I liked the domestic role I had, cooking dinner and doing the laundry. Don't get me wrong, I am not a home body and still love going out and having fun as often as possible, but there was certain satisfaction in the little chores and such. There was a kind of peace knowing that I was doing something productive in our home. And as I was moving my boxes down those stairs, tears welling in my eyes, I though about all the times Tim insatiably ate the dinner I had prepared, and all the times he turned his nose up at it when I made something "exotic". They were good times.
Having to quit my job because of the move has been one of the most trying aspects of these event. Tim apologized deeply for this, but the outcome was unemployment nonetheless. 45 miles is a bit too much of a commute for a job that paid little more than minimum wage. Sure, stocking produce at Meijer was a bad job and beneath my level of education, but it paid the bills and was enough to hold me over until graphic design work comes about. I hate job hunting, but as a necessary evil I will carry it out with my chin held high and the hopes that the elusive design job is right around the corner.

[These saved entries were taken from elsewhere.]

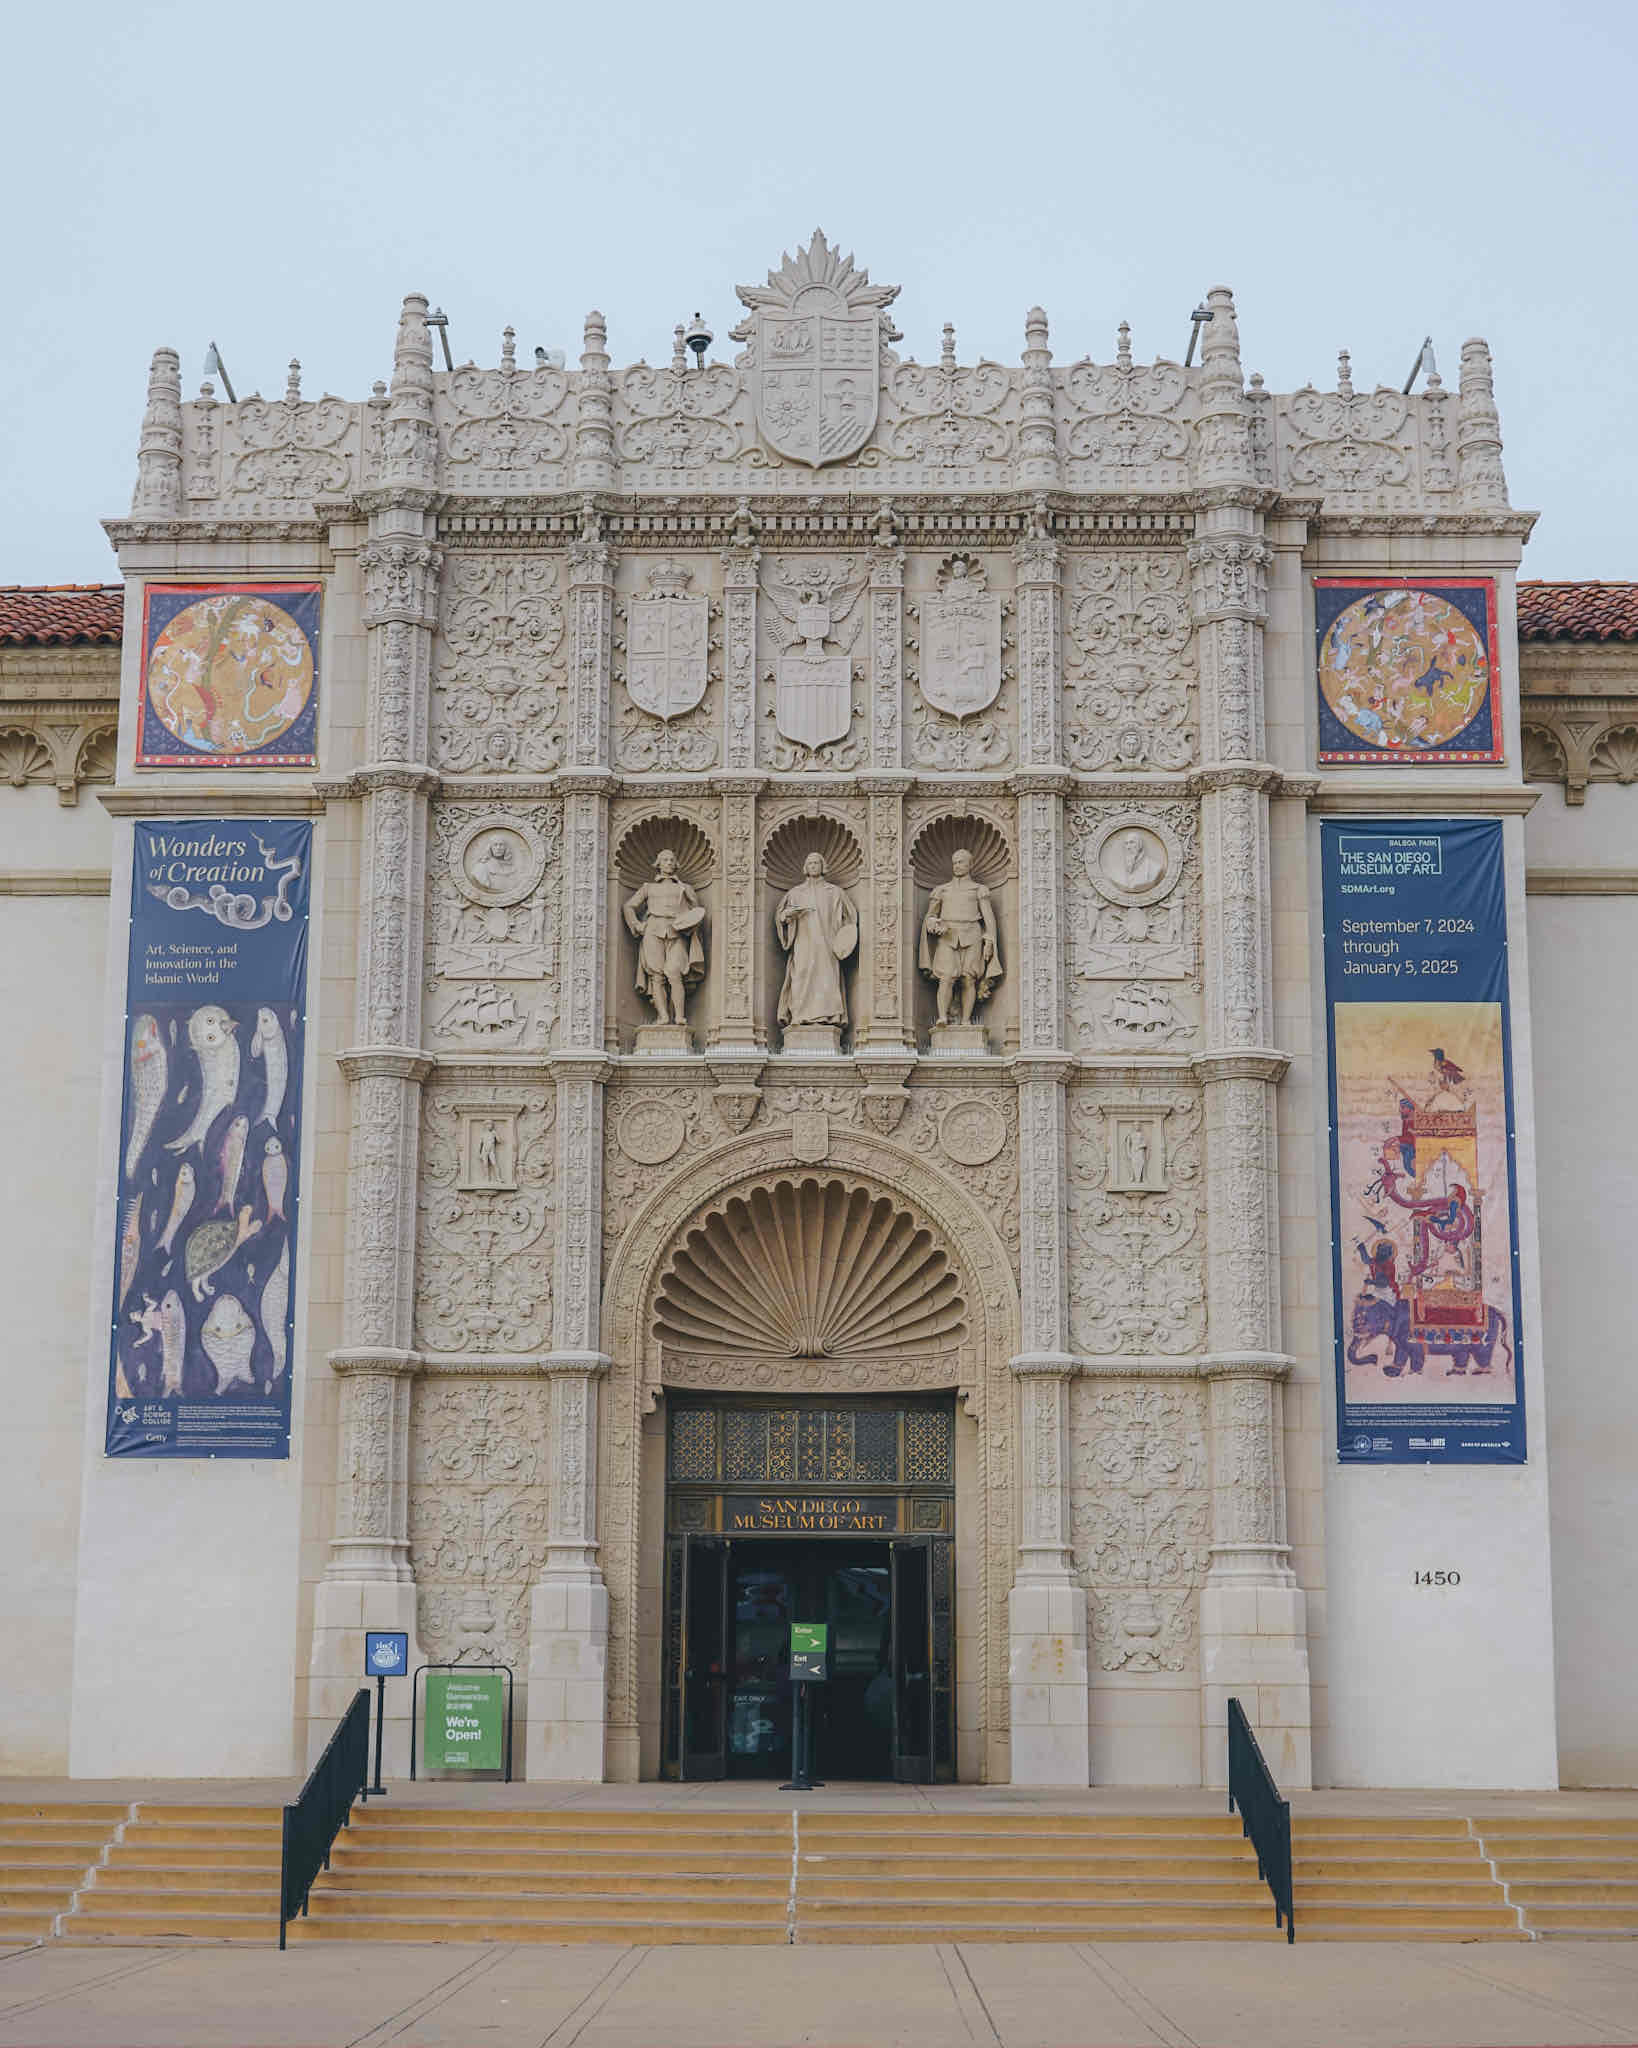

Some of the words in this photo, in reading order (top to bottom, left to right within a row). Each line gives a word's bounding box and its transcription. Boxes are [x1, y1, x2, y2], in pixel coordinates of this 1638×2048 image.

[150, 834, 246, 857] Wonders
[1341, 852, 1364, 863] THE
[1367, 852, 1392, 863] SAN
[1394, 852, 1431, 863] DIEGO
[150, 864, 166, 881] of
[167, 861, 265, 882] Creation
[1340, 864, 1393, 875] MUSEUM
[1395, 864, 1411, 875] OF
[1413, 864, 1436, 875] ART
[1340, 885, 1396, 895] SDMArt.org
[1342, 919, 1420, 936] September
[1424, 919, 1434, 934] 7,
[1438, 919, 1475, 933] 2024
[146, 944, 166, 955] Art,
[169, 943, 214, 955] Science,
[216, 943, 237, 954] and
[1343, 939, 1400, 957] through
[146, 958, 202, 969] Innovation
[205, 958, 216, 969] in
[219, 958, 237, 969] the
[1343, 960, 1401, 976] January
[1405, 960, 1417, 976] 5,
[1421, 960, 1459, 974] 2025
[145, 973, 183, 984] Islamic
[187, 972, 220, 984] World
[759, 1499, 798, 1513] SAN
[802, 1499, 862, 1513] DIEGO
[734, 1514, 815, 1529] MUSEUM
[819, 1514, 846, 1529] OF
[848, 1514, 887, 1529] ART
[1414, 1571, 1461, 1586] 1450
[446, 1716, 480, 1728] We're
[446, 1729, 481, 1742] Open!
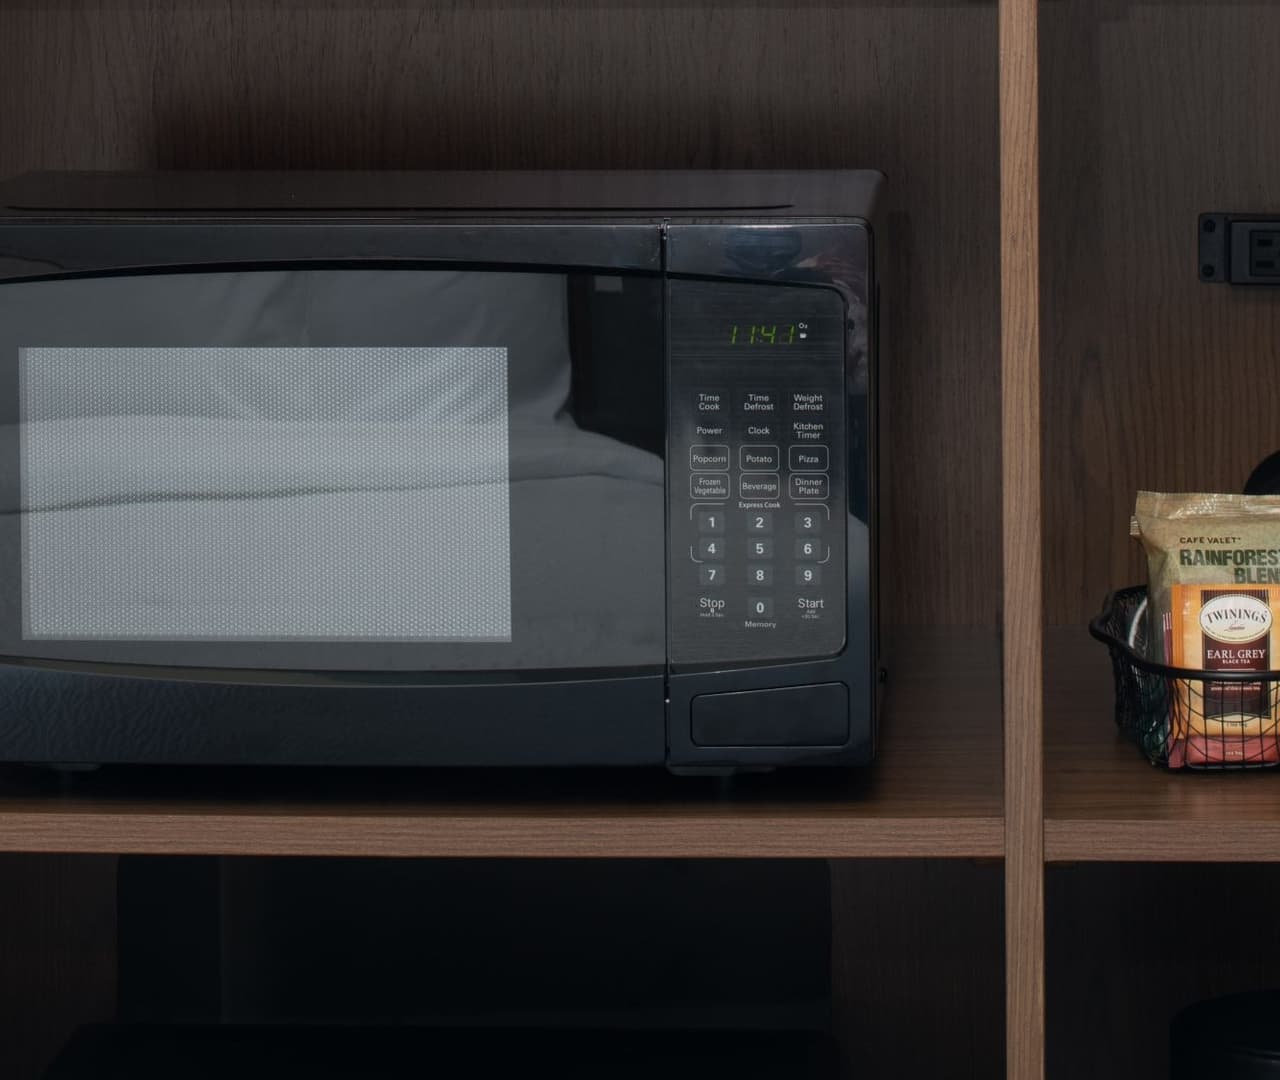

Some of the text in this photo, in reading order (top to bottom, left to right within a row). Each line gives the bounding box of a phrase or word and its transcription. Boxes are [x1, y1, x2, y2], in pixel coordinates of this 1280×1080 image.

[793, 394, 823, 403] Weight
[744, 402, 774, 410] Defrost
[696, 427, 722, 435] Power
[797, 431, 821, 439] Timer
[692, 455, 727, 464] Popcorn
[746, 455, 772, 463] Potato
[798, 455, 819, 463] Pizza
[742, 482, 777, 491] Beverage
[795, 478, 823, 486] Dinner
[694, 487, 726, 495] Vegetable
[798, 487, 819, 495] Plate
[708, 517, 716, 528] 1
[755, 517, 764, 528] 2
[803, 517, 812, 528] 3
[707, 544, 716, 554] 4
[755, 544, 764, 554] 5
[803, 544, 812, 554] 6
[708, 570, 716, 580] 7
[755, 570, 764, 581] 8
[803, 570, 812, 581] 9
[699, 598, 725, 610] Stop
[756, 603, 764, 613] 0
[798, 598, 824, 609] Start
[1206, 607, 1266, 624] TWININGS
[744, 621, 777, 629] Memory
[1207, 649, 1266, 659] EARL GREY

I never liked The Game of Life; with its little cars, twisty path and little pink and blue people, it always struck me as too contrived to be fun. Whenever I landed on the square that said i had a kid, I always thought: I should have used protection. But life has a wonderful randomness to it that is not totally unlike the wheel of fortune that comes with the game. Our experiences are based on our expectations on outcomes of mostly random occurrences. Sure, we can nudge things one way or another, but in the end we still end up landing on the space marked "Loose your House". In the Game of Real Life, there is no winning, just finishing. What happens along the way is fun part. And the sad part. And the infuriating part. And the hilarious part. It is everything.
So, while I sit here in Wyandotte in my old bedroom, looking at my old posters, my computer on my old desk, I can't help but wonder if I have landed on a good square or a bad square. Is the wheel spinning in my favor? I don't know, but I am not ready to finish the game just yet; I have more squares to land on.
Life is not a board game by Parker Brothers.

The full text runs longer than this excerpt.